→ **EXERCISE DIRECTIONS**: Give again exactly the lines that stretch from the one with "this 1250×1667 image." to the end of the data below, including both of those lines and nothing else.

Records from a collection:
——

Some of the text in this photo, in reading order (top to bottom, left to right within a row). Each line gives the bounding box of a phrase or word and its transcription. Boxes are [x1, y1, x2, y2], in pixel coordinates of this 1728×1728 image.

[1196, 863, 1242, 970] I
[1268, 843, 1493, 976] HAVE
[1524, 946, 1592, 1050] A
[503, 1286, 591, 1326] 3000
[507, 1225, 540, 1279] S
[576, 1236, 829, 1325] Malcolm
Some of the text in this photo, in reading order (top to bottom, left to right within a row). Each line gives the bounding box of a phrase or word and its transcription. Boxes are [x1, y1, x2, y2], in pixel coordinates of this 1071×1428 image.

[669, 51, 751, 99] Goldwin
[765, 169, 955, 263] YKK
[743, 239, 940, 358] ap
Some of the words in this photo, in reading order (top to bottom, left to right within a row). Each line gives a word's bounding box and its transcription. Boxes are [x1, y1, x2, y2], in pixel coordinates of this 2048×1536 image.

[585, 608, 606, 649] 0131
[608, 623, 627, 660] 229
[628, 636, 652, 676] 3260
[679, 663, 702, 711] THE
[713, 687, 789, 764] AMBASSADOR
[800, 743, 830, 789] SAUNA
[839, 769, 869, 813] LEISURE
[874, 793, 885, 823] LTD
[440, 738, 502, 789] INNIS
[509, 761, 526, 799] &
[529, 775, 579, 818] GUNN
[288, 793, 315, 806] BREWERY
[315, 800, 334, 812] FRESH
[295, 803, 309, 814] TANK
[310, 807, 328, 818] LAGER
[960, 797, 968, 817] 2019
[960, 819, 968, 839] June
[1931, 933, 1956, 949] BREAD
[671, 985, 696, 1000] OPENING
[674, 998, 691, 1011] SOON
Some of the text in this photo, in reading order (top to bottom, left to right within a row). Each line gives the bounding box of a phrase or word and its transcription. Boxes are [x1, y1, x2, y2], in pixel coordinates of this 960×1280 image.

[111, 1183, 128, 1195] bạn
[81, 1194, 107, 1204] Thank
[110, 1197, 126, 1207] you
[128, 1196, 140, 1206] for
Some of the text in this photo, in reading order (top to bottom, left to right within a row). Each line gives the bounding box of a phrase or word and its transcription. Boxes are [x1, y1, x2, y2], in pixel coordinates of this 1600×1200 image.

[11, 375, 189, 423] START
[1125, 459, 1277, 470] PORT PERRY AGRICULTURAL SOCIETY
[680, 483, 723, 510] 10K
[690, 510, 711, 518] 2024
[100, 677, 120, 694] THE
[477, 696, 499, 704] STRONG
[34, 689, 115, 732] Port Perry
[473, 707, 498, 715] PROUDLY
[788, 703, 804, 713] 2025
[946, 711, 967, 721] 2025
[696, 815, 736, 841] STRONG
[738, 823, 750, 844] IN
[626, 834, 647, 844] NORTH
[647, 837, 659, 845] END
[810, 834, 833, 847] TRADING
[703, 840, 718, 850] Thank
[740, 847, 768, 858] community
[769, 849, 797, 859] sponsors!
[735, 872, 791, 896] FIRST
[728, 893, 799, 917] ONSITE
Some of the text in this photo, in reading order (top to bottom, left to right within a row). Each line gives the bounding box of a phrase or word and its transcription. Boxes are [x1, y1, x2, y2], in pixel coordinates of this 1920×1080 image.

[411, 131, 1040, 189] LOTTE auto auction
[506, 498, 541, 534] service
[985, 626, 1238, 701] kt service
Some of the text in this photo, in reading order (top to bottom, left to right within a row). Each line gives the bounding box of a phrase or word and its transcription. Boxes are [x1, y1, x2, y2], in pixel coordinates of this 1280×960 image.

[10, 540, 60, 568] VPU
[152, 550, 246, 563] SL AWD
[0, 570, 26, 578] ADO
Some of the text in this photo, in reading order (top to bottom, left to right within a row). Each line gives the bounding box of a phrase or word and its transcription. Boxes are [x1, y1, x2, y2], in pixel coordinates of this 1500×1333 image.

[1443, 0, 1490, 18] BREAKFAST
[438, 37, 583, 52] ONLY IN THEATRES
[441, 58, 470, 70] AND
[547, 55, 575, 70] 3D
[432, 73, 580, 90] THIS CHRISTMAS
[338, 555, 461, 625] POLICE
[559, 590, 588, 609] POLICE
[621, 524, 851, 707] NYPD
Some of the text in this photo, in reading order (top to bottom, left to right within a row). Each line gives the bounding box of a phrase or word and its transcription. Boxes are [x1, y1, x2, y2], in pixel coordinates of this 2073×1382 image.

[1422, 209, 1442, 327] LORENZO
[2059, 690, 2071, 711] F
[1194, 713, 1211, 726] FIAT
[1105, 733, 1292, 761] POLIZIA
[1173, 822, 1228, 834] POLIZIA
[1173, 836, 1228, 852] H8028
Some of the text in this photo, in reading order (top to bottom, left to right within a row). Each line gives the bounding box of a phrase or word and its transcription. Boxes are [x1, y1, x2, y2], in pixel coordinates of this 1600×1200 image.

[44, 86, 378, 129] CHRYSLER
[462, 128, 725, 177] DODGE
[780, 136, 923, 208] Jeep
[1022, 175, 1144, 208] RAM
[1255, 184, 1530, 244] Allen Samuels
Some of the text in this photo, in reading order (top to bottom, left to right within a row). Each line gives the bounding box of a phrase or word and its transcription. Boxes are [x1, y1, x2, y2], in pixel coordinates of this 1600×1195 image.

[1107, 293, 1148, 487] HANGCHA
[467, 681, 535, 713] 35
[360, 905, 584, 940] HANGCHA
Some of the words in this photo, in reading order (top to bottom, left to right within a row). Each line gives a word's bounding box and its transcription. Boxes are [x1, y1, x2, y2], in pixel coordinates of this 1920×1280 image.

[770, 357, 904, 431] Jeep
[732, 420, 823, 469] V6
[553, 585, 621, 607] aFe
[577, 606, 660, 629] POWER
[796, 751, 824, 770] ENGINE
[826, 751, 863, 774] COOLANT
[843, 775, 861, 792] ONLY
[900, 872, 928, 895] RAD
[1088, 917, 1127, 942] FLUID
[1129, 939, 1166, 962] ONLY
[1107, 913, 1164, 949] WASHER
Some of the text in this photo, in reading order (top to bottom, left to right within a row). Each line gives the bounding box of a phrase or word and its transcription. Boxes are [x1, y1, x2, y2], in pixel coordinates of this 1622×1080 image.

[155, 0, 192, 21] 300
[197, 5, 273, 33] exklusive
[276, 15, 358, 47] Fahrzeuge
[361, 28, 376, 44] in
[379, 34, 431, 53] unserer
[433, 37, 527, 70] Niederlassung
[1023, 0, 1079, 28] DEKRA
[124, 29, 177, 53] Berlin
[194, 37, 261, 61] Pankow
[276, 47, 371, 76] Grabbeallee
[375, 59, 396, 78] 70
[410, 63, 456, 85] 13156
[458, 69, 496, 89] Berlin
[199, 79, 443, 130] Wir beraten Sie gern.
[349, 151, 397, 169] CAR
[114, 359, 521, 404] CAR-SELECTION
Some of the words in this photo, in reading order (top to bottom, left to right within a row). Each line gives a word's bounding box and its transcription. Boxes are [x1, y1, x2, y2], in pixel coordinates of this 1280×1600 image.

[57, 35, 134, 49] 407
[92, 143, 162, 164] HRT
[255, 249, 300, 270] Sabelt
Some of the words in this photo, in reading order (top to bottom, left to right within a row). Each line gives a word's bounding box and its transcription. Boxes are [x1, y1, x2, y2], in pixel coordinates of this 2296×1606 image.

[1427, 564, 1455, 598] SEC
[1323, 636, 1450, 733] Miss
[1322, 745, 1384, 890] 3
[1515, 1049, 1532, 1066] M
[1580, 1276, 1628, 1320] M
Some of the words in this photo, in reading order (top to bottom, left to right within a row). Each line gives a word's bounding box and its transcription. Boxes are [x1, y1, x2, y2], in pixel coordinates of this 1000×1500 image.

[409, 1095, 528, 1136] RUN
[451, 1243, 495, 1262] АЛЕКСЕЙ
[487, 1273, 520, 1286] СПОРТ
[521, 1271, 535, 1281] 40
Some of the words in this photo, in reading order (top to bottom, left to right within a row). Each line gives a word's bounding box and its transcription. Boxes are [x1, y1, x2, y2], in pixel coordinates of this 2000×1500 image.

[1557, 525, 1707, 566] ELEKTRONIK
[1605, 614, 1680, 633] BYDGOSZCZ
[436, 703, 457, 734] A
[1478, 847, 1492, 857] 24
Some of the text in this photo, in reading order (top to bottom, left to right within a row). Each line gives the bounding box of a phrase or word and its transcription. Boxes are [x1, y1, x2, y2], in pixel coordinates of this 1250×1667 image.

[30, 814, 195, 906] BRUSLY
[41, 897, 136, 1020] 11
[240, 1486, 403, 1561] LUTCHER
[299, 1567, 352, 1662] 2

——

→ **SOLUTION FOR THIS EXERCISE**:
Some of the text in this photo, in reading order (top to bottom, left to right within a row). Each line gives the bounding box of a phrase or word and its transcription. Boxes are [x1, y1, x2, y2], in pixel coordinates of this 1250×1667 image.

[30, 814, 195, 906] BRUSLY
[41, 897, 136, 1020] 11
[240, 1486, 403, 1561] LUTCHER
[299, 1567, 352, 1662] 2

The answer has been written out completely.